▶ **Exercise objective**
Below are records with pictures in them; print them exactly, omitting the pictures.

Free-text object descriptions
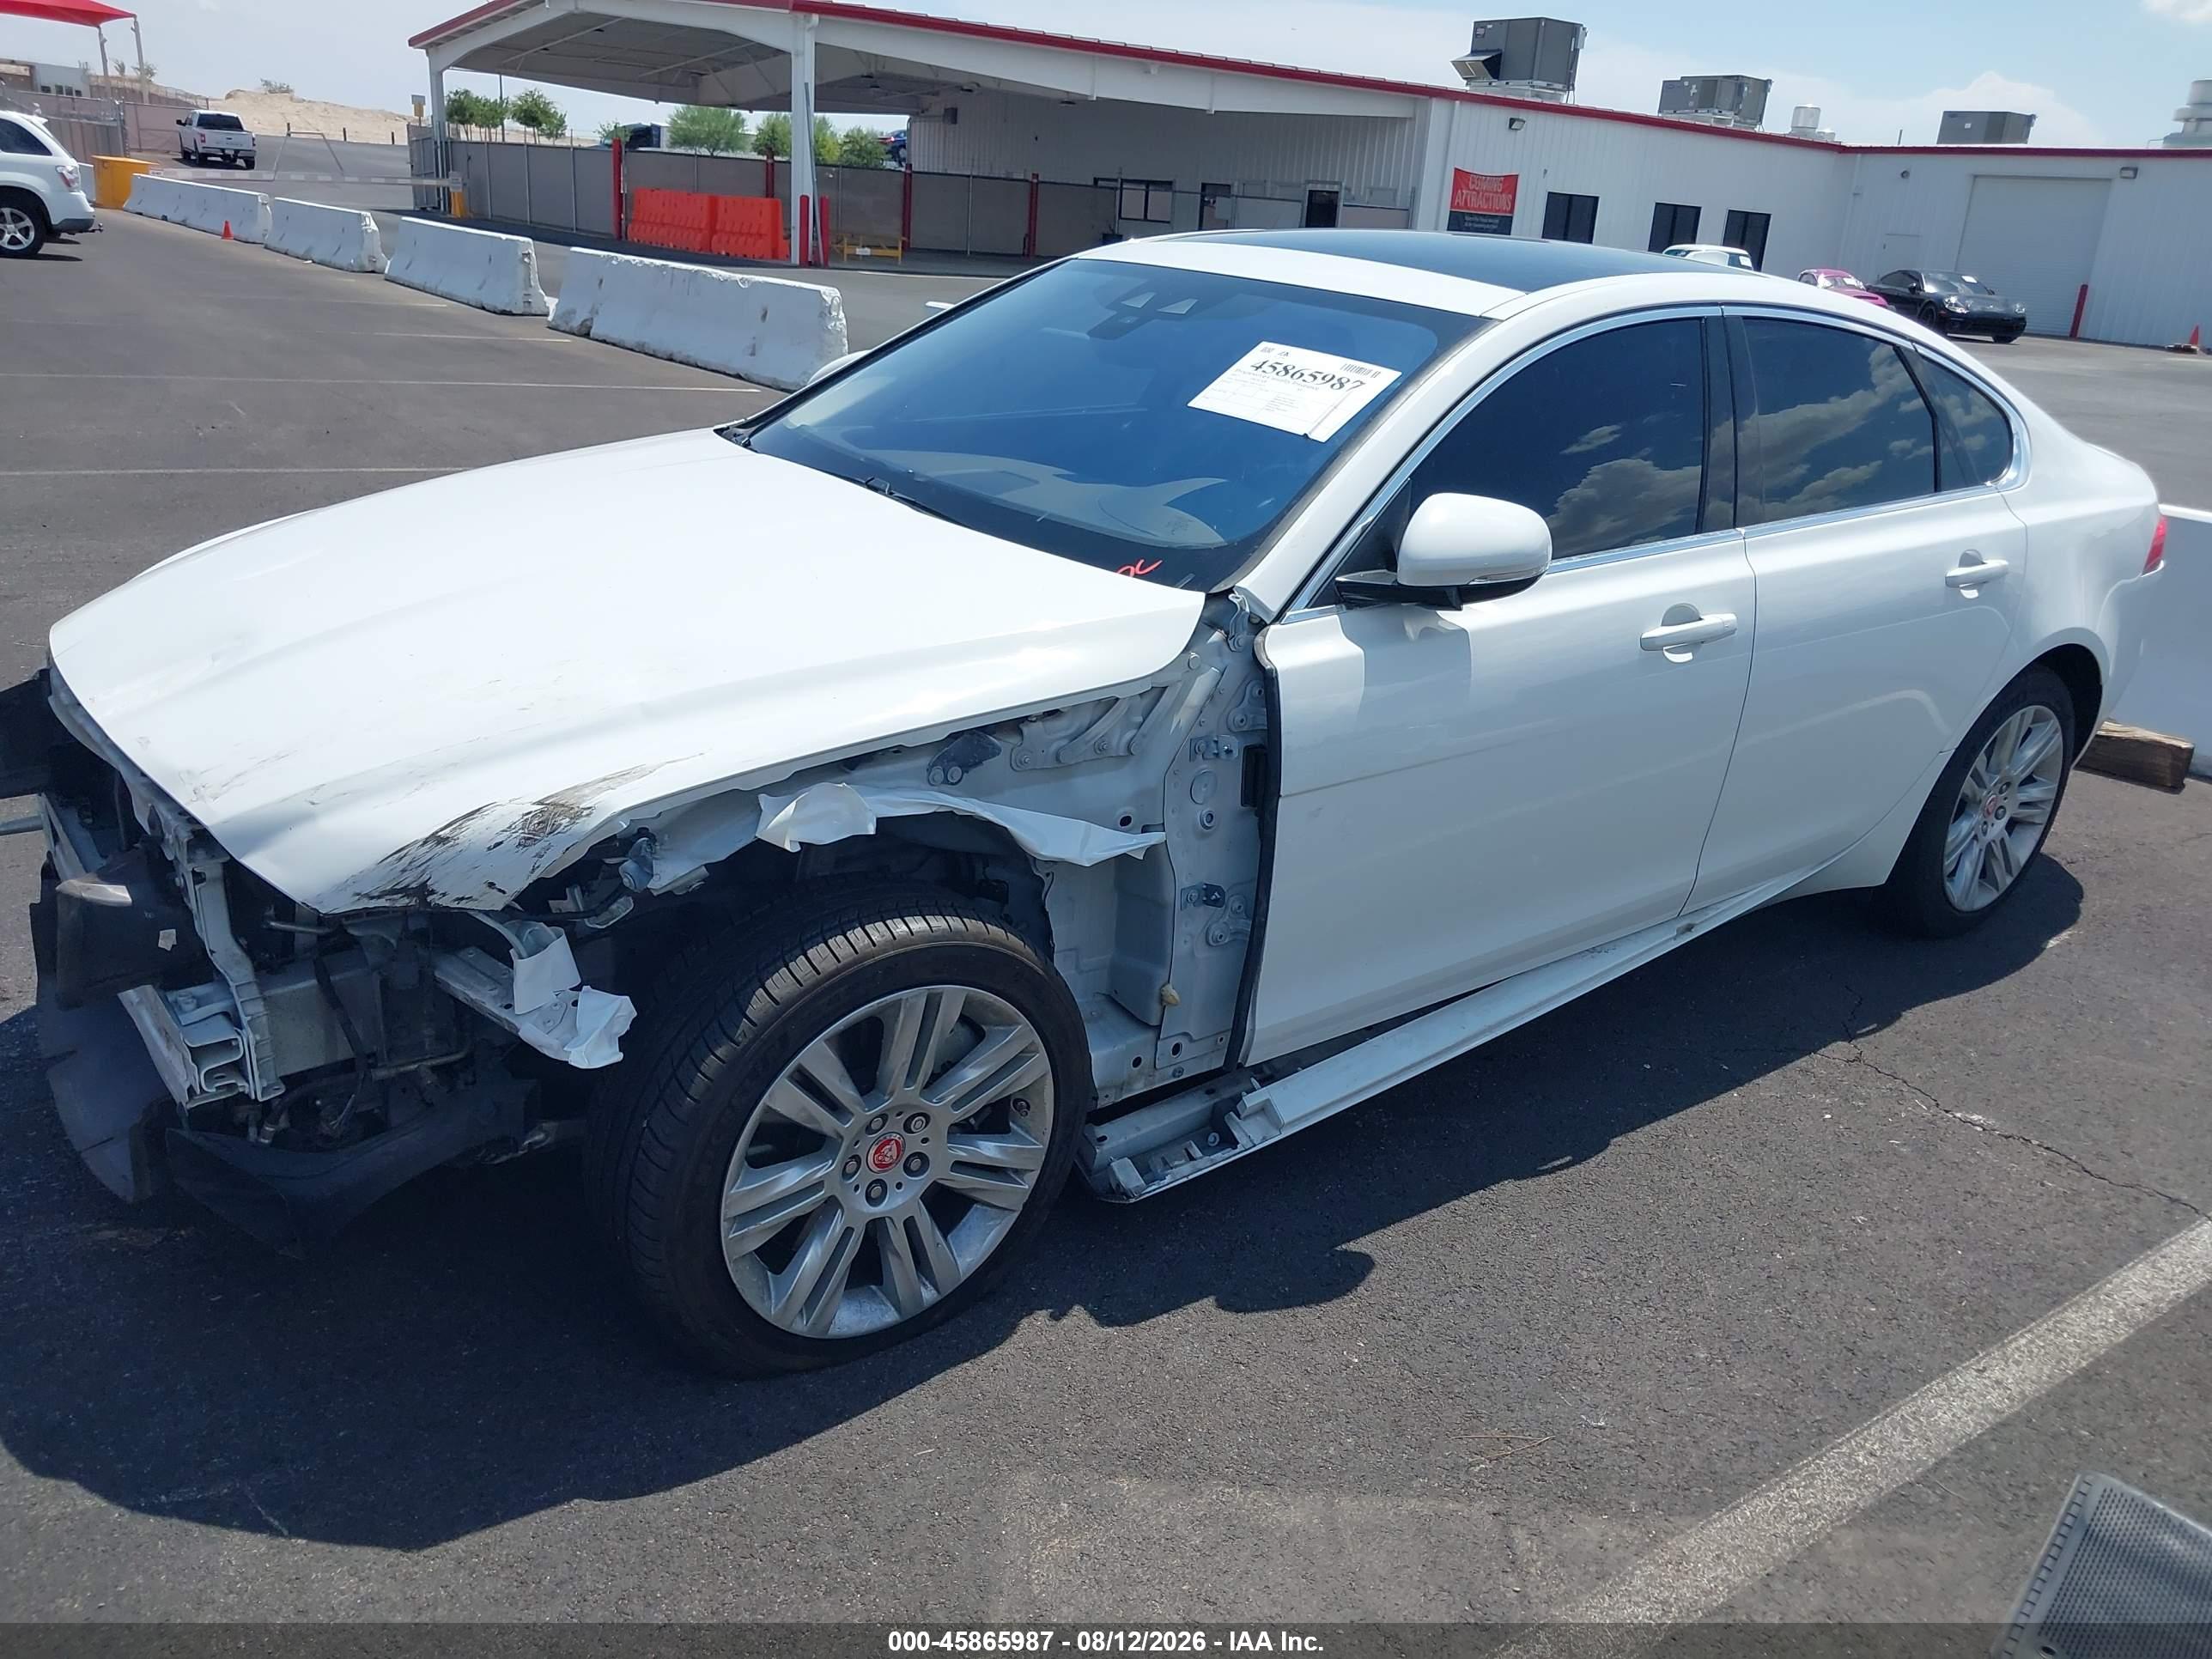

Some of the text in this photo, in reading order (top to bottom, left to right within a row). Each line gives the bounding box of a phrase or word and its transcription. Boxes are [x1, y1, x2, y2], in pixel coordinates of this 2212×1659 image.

[1469, 174, 1504, 192] COMING
[1455, 189, 1512, 211] ATTRACTIONS
[1250, 359, 1367, 391] 45865987
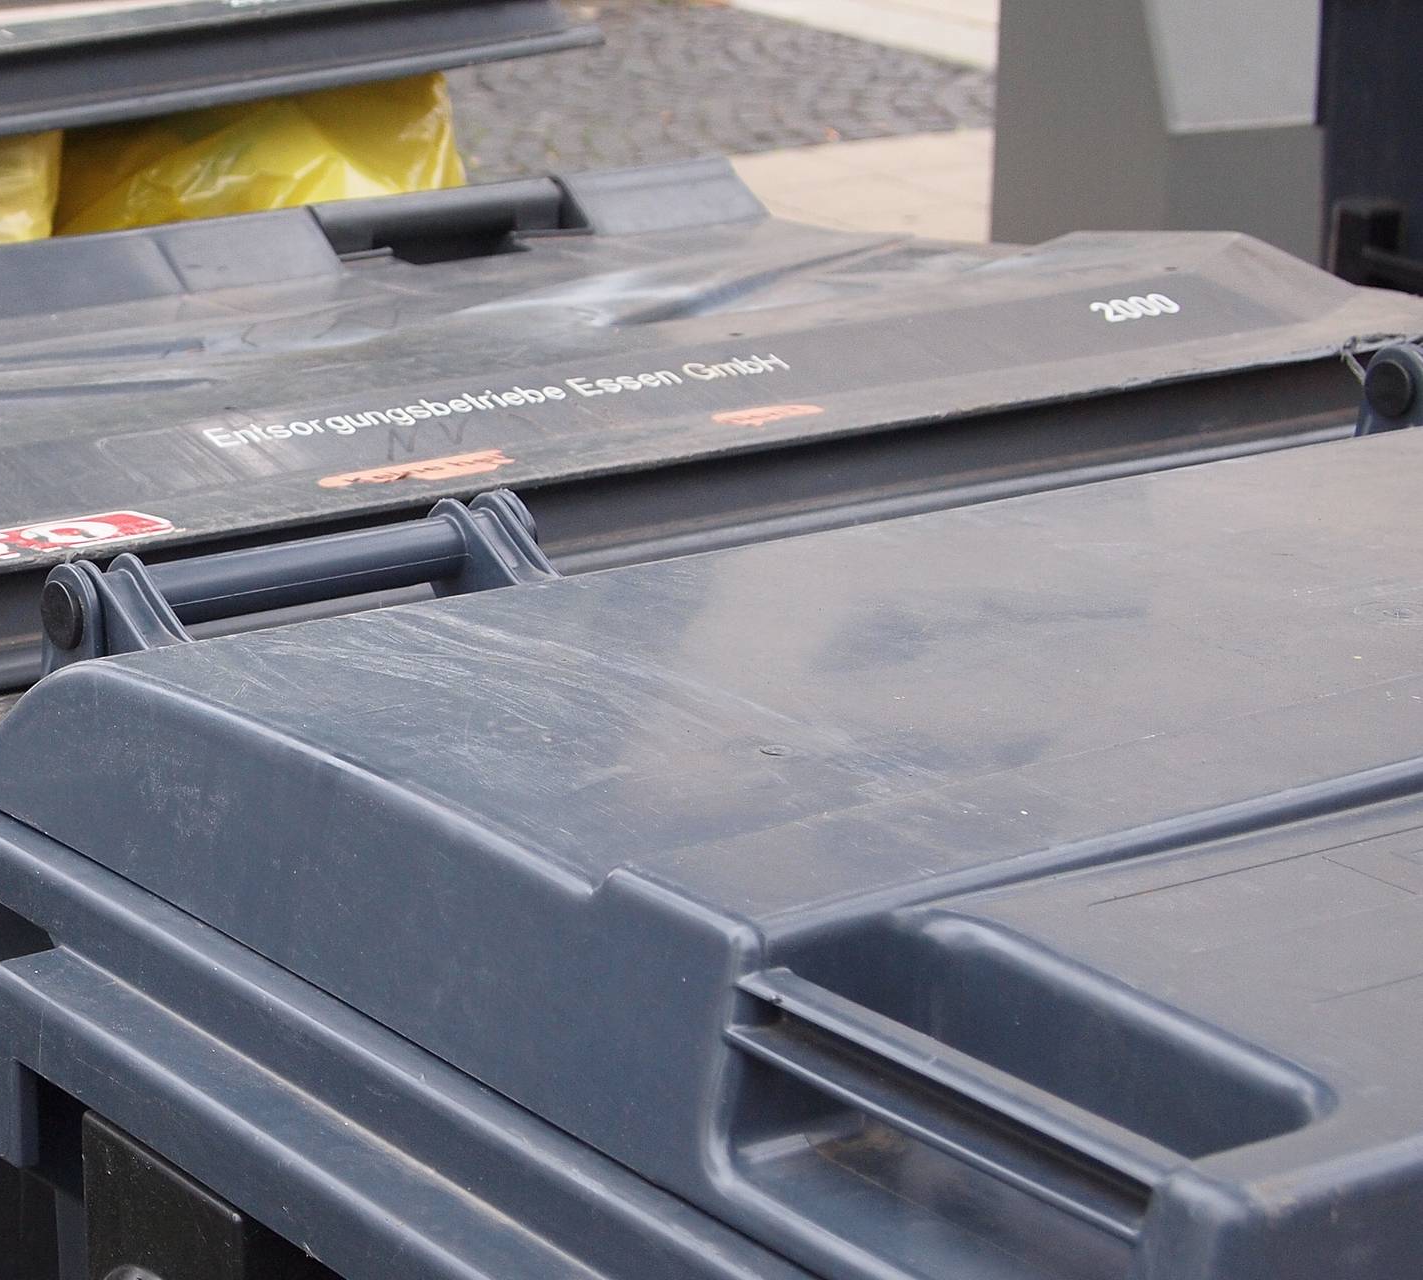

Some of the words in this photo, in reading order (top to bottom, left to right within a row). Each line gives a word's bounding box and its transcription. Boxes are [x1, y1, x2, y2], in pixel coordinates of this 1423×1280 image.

[1089, 293, 1181, 323] 2000
[203, 385, 567, 449] Entsorgungsbetriebe
[564, 366, 683, 398] Essen
[682, 352, 791, 382] GmbH
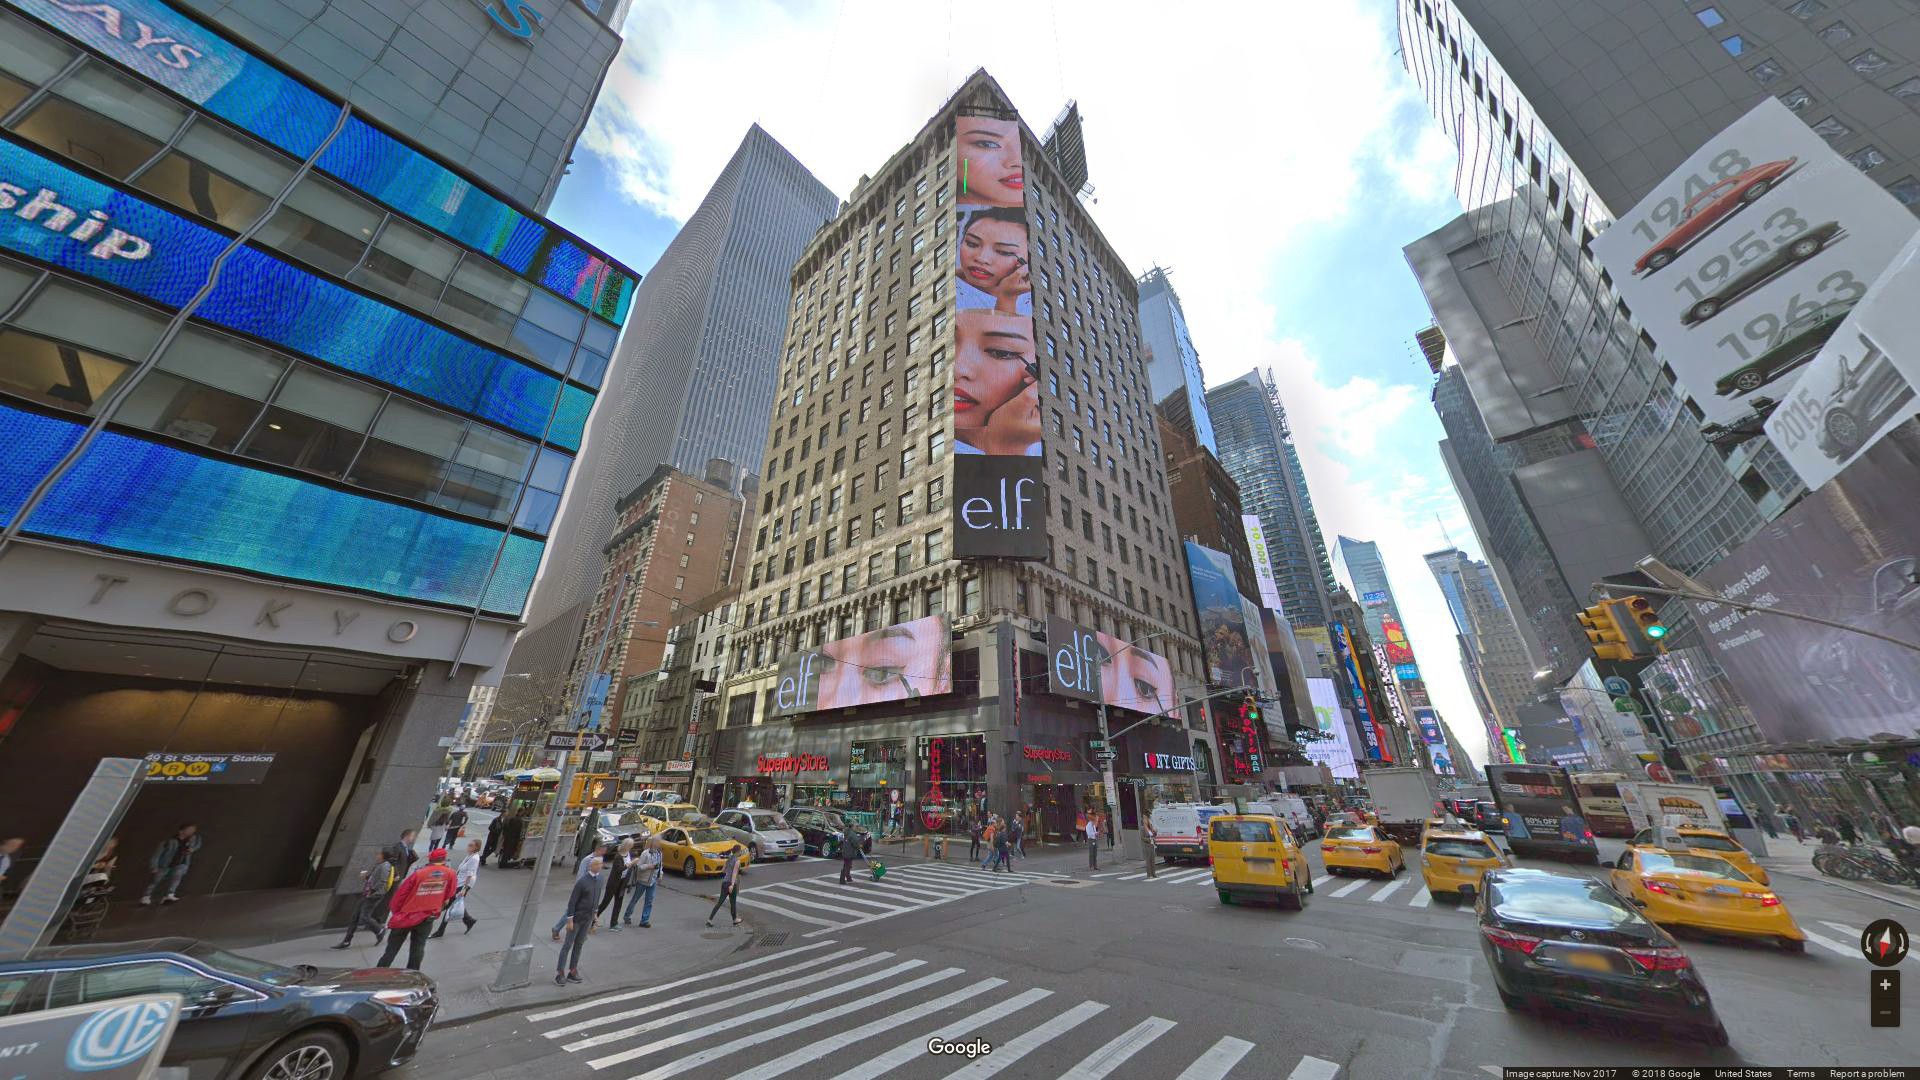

▶ **Solved exercise**
Some of the text in this photo, in reading order (top to bottom, left to right within a row). Each line gives the bounding box of a phrase or word and its transcription. Boxes are [x1, y1, x2, y2], in pixel coordinates of this 2212×1659 image.

[1469, 174, 1504, 192] COMING
[1455, 189, 1512, 211] ATTRACTIONS
[1250, 359, 1367, 391] 45865987

Some of the words in this photo, in reading order (top to bottom, left to right within a row). Each line gives a word's bounding box and its transcription. Boxes are [x1, y1, x2, y2], in pixel coordinates of this 1423×1280 image.

[1089, 293, 1181, 323] 2000
[203, 385, 567, 449] Entsorgungsbetriebe
[564, 366, 683, 398] Essen
[682, 352, 791, 382] GmbH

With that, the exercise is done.